Normally when I update I run npm-update, which it's a package that search for all last versions from your dependencies.
I don't know if this is a good practice, but I like to keep my dependencies always at the last version.
So... how do you manage this?
Top comments (9)
Short answer: dependabot.com/
(Has been acquired by GitHub itself)
Creates a pull request whenever a new version gets released and also gives you an estimated value of compatibility. If you've got CI-Workflows setup in your project, every new PR would trigger your CI-pipeline and if your update broken something, the PR would be marked as failed. I personally never run
npm-updateas it updates all at once and is a pain to pinpoint specific errorsI don't know of any way to handle this without putting your code on a hosting platform like github/gitlab.
I use and have used renovate on both github and gitlab.
Another option is dependabot that Alexander mentions but i don't think they support anything other than github yet.
Good call, completely forgot about renovate!
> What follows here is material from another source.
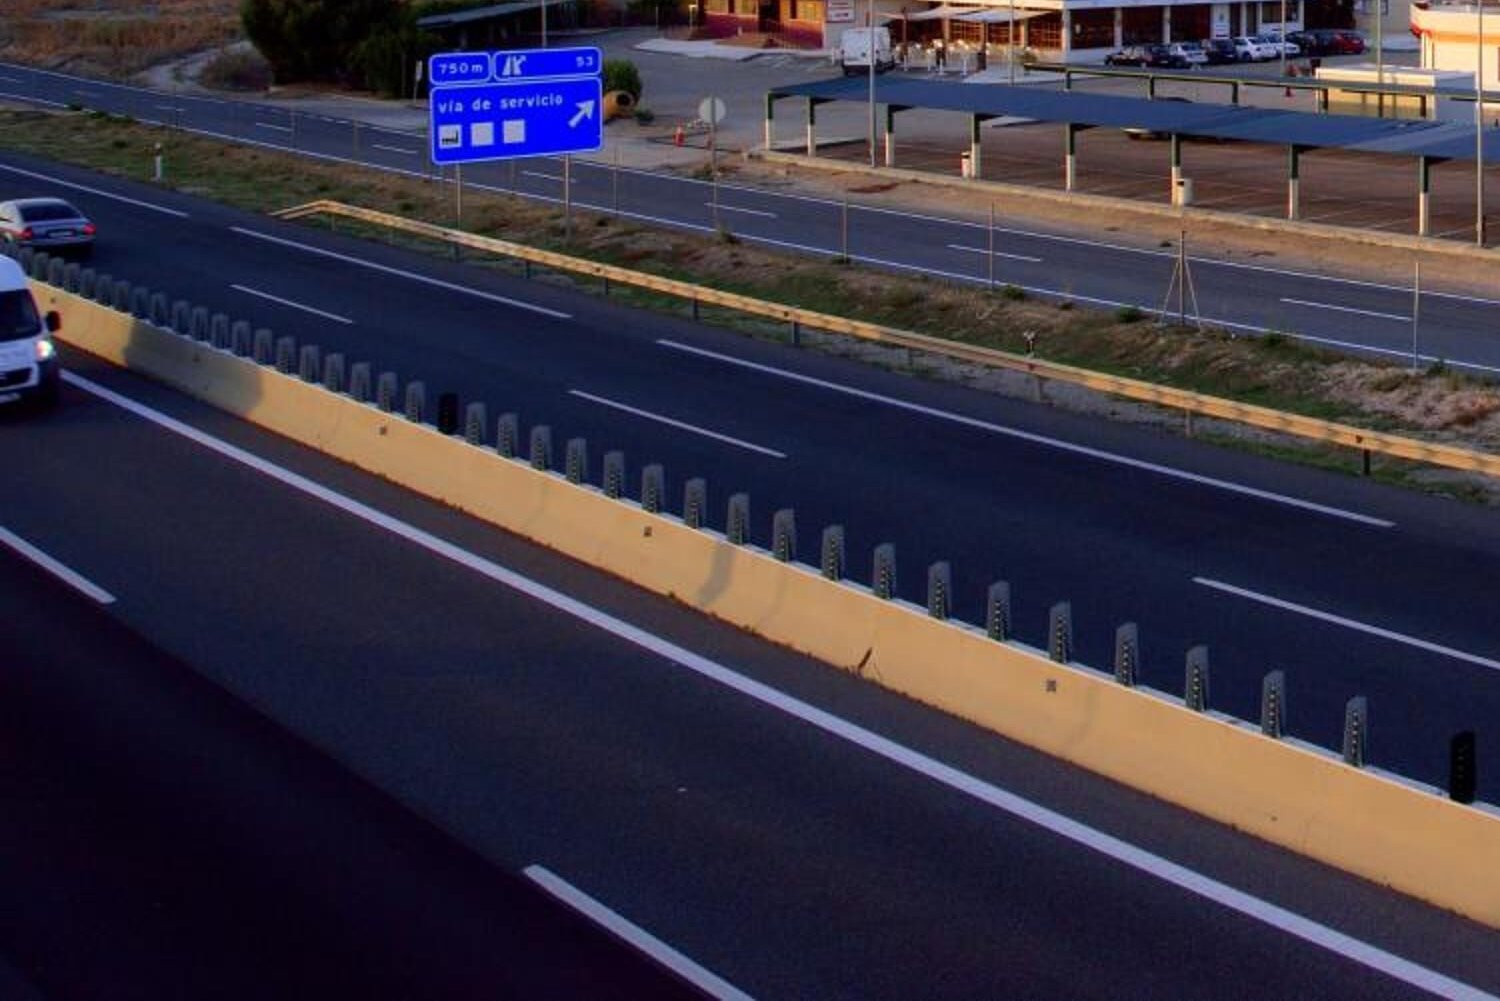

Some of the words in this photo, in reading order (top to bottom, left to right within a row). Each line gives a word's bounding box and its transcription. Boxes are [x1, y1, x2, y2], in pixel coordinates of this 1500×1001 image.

That's an option too
We launched pmbot.io just for that purpose, but it's compatible with more than Npm ! It works with Go and Maven, and you can extend to any language with a simple plugin. You can connect your private Gitlab and Github. The bot can merge automatically updates that pass your CI and you can configure it to execute any action plugin you'd like. You can self host it (docs.pmbot.io/core/installation) or use the cloud version.
I don't. If there is a safe update i just rely on github's drpendabot. In cases where my app is based around a single library like 'gifted chat' ,i would subscribe on stable releases. Then just bump up the latest version in package.json ,test it, if all good then push to production
I just let dependabot do its thing on GitHub since that is where the majority of my projects are anyway. I very rarely manually update all of the dependencies in a project to the latest version because you might accidentally break something it is very easy for there to be incompatibility issues.
In general, I tend not to update packages unless there are vulnerabilities (security exploits, etc) or new features that the project needs, from a business standpoint.
There are way too many updates that provide 0 business value and can cause compatibility issues. IMO its always best to consider the rate of diminishing return in these situations.
Periodically. :)
Its a package: npmjs.com/package/npm-check-updates
Yes! I do this as well, I like that compare to
npm outdatedit also updated your dependencies inpackage.jsonas well and then you just install the packages.